Dal 2004 la parola che riecheggia è
intercultura, accanto a dialogo e condivisione. Ma anche cibo, che «da sempre – spiega Pistone – costituisce un elemento di unione tra i popoli». Grazie al crowdfunding di Laboriusa, l’associazione ha acquistato una cucina e l’occorrente di cui necessitano i ragazzi per sperimentare il loro talento dietro ai fornelli. «La nostra esperienza di home restaurant – continua la regista – ci dimostra quanto ci si liberi dai pregiudizi davanti a un piatto invitante accompagnato dalla breve storia della sua origine e arricchito dalle performance estemporanee dei nostri cuochi».

Il progetto prevede un
laboratorio interdisciplinare di teatro condotto da Pistone, tre workshop di espressione corporea, performing art e narrazione condotti dall’attore e musicista ivoriano Rufin Doh Zeyenouin, dall’attore e pedagogo Christian Di Domenico e dalla ballerina e coreografa del Sud Africa Mamela Nyamza. «L’esperienza del teatro libera dai confini della lingua, della cultura, della società, della contingenza – spiega la Pistone – Regala gli strumenti del sogno ma allo stesso tempo, come dice Leo De Berardinis, è una grande forza civile, toglie la vigliaccheria del vivere, toglie la paura del diverso, dell’altro, dell’ignoto, della vita, della morte».

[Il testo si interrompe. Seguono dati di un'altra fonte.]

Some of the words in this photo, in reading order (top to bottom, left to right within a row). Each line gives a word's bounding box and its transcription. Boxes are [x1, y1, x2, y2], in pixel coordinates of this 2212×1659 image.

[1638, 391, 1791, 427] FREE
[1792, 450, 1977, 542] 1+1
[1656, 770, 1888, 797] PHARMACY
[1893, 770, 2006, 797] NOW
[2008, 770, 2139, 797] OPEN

L’iniziativa – che si svolgerà da aprile a luglio – vanta diversi partner, come Comune di Catania, progetto Immigrati-Casa dei Popoli, Catania Città Metropolitana, Università di Catania, CoSMICA (Centro per gli Studi sul Mondo Islamico Contemporaneo e l’Africa), Radio Zammù, associazione culturale Ingresso Libero e Istituto Karol Wojtyla. Dove sono in programma anche alcuni incontri. Verrà messa in scena la performance
Life is Beautiful – un rito di comunione per le vittime del Mediterraneo, interpretata da Isola Quassùd liquid company, e si terranno i meeting Food&Culture. «Il confronto tra giovani e giovanissimi che hanno la stessa età e le stesse abitudini ma provenienze diversissime – commenta Pistone – è essenziale per la percezione dell’altro non come diverso, ma come un altro me».

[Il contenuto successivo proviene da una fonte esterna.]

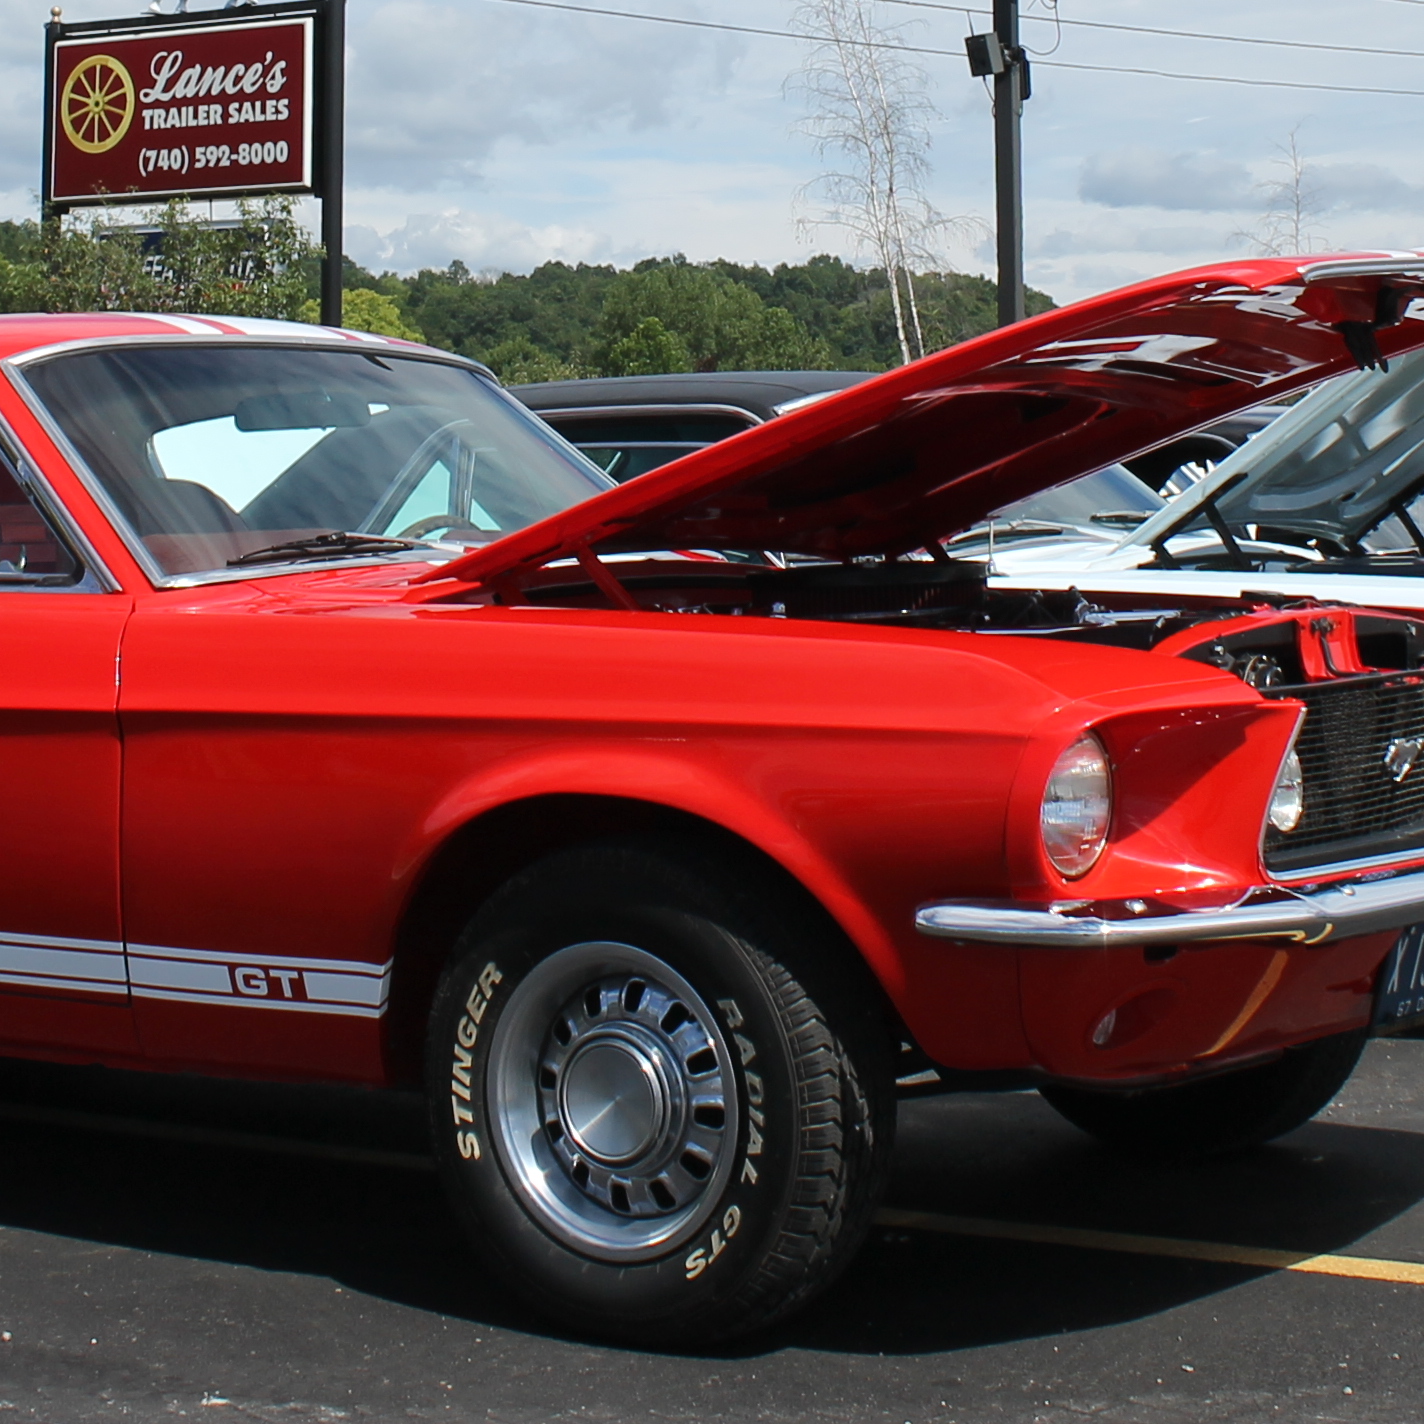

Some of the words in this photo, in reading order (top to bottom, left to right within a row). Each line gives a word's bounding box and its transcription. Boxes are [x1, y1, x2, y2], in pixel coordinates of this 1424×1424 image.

[139, 50, 287, 103] Lance's
[142, 104, 223, 130] TRAILER
[228, 99, 290, 125] SALES
[138, 145, 189, 177] (740)
[194, 140, 289, 169] 592-8000
[234, 966, 299, 999] GT
[451, 962, 502, 1161] STINGER
[717, 998, 766, 1185] RADIAL
[685, 1204, 741, 1279] GTS
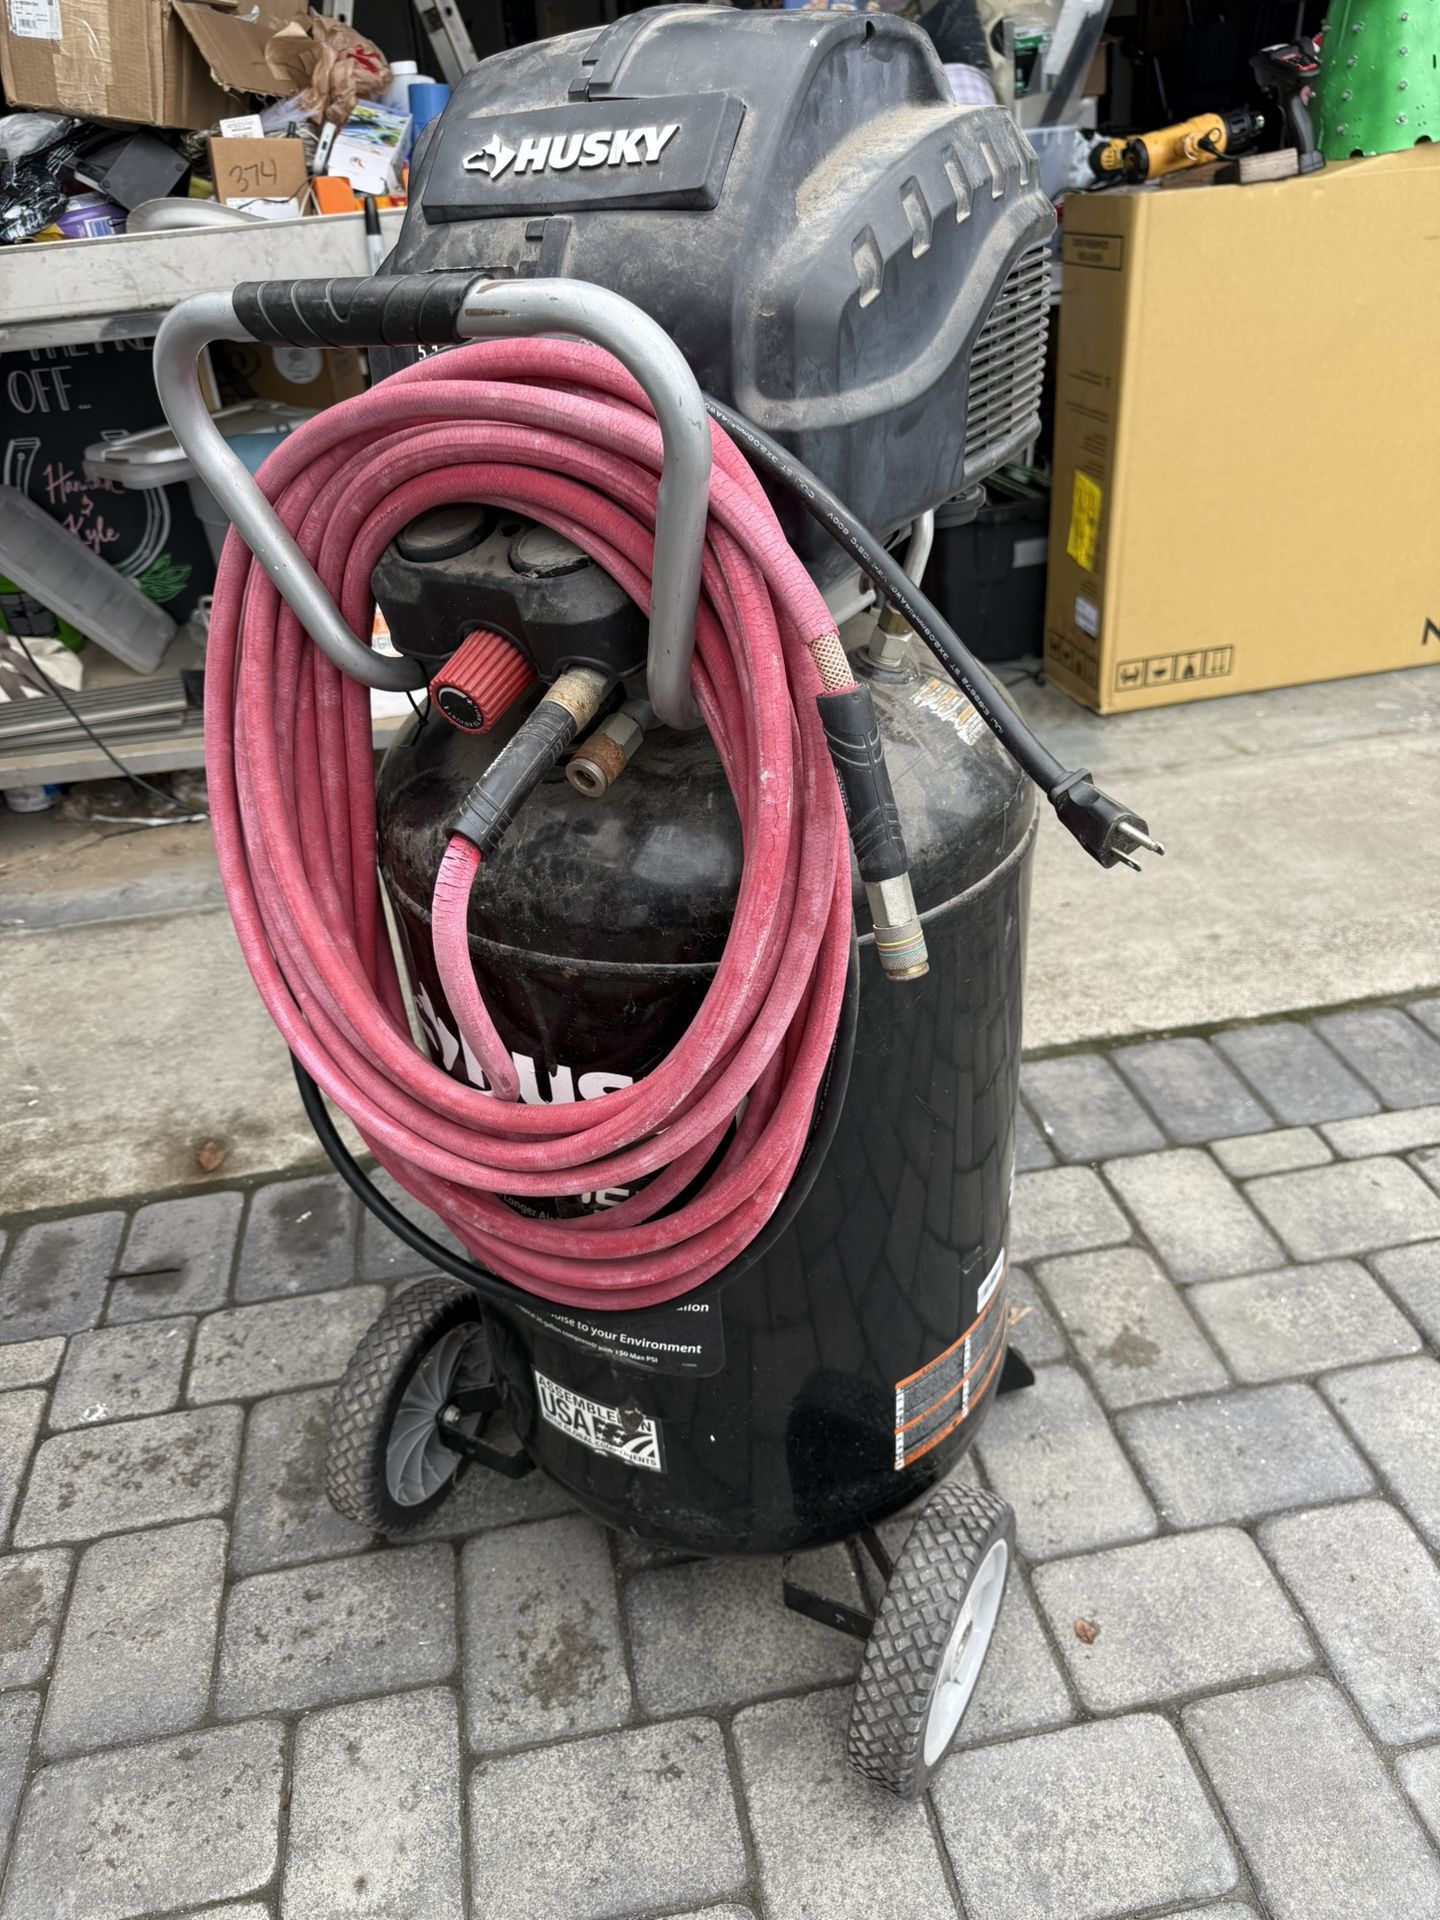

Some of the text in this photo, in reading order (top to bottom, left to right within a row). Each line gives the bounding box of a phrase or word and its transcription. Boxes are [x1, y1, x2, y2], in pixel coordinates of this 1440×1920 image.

[514, 124, 680, 174] HUSKY
[229, 158, 277, 192] 374
[827, 512, 850, 535] 600V
[577, 1321, 589, 1332] to
[590, 1326, 618, 1341] your
[620, 1333, 702, 1354] Environment
[615, 1349, 629, 1358] 150
[646, 1355, 659, 1363] PSI
[539, 1376, 622, 1425] ASSEMBLE
[540, 1385, 592, 1437] USA

Da maggio, inoltre, sarà possibile ascoltare sulle frequenze di Radio Zammù
Intersezioni africane: quattro puntate con protagonisti studenti universitari italiani e stranieri coinvolti in un lavoro di ricerca giornalistica. La ventiduenne Renata, per esempio, è arrivata in Italia dalla Guinea-Bissau proprio per studiare. Frequenta l’ultimo anno di Fisioterapia e sogna di trovare un lavoro: «Vorrei mettere soldi da parte per tornare nel mio paese come fisioterapista esperta e costruire una struttura di riabilitazione, considerato che nel mio paese ce n’è di bisogno».